▶ _EXERCISE OBJECTIVE_
Would you write out the entries that follow word for word, omitting any images?

Top of SOURCE INFORMATION

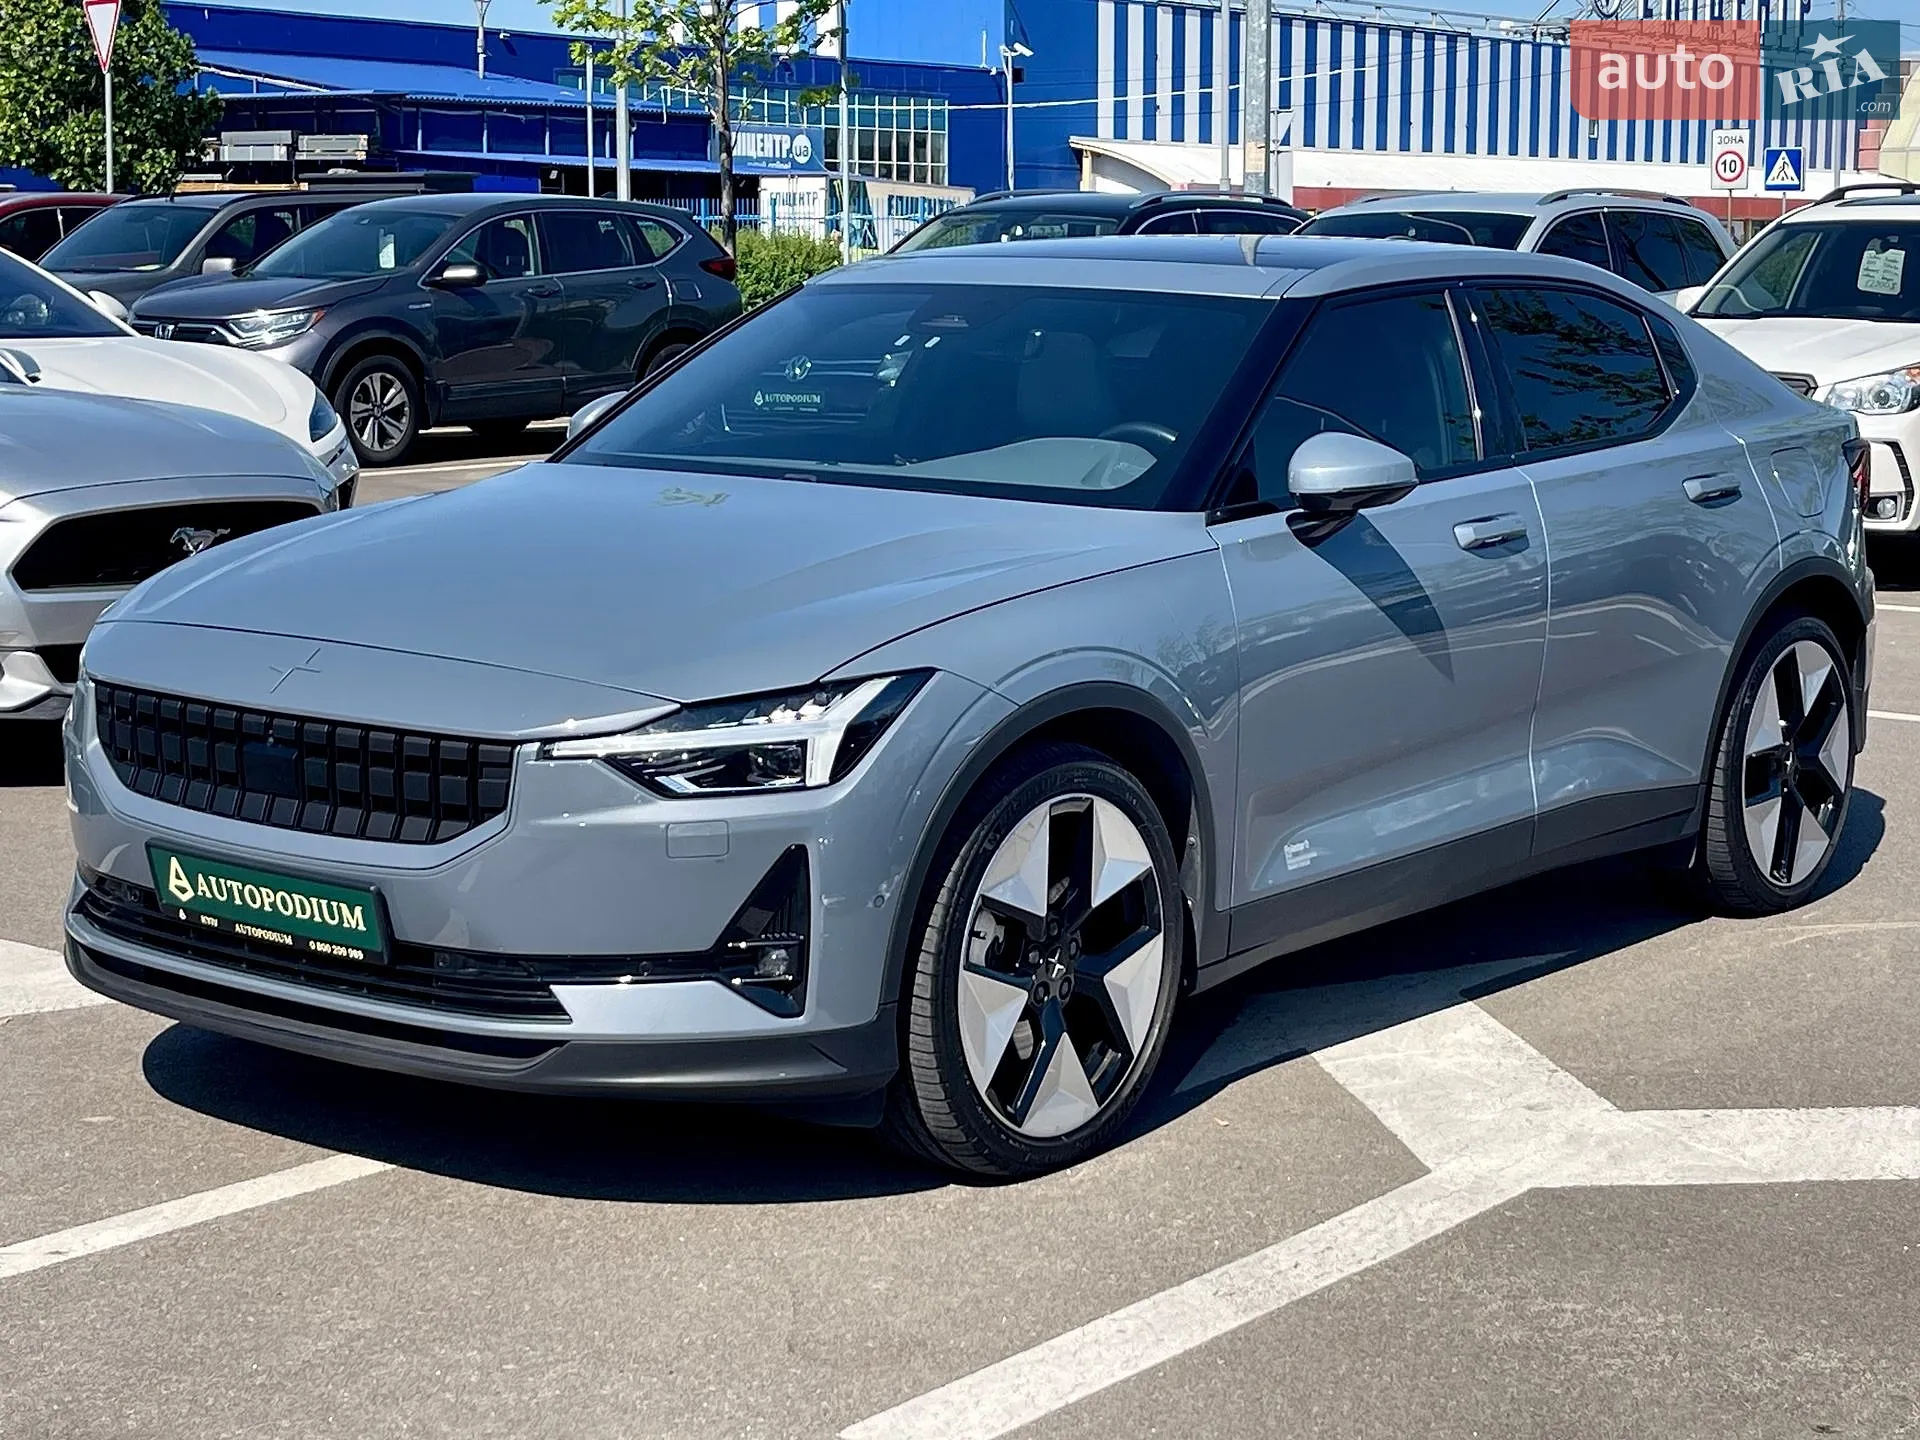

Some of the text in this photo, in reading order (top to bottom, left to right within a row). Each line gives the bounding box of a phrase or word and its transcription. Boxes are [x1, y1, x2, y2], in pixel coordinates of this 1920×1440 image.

[1716, 135, 1745, 145] ЗОНА
[1720, 158, 1738, 174] 10
[196, 873, 368, 932] AUTOPODIUM
[234, 922, 294, 946] AUTOPODIUM

Bottom of SOURCE INFORMATION

▶ _WRITTEN RESPONSE_
Some of the text in this photo, in reading order (top to bottom, left to right within a row). Each line gives the bounding box of a phrase or word and its transcription. Boxes are [x1, y1, x2, y2], in pixel coordinates of this 1920×1440 image.

[1716, 135, 1745, 145] ЗОНА
[1720, 158, 1738, 174] 10
[196, 873, 368, 932] AUTOPODIUM
[234, 922, 294, 946] AUTOPODIUM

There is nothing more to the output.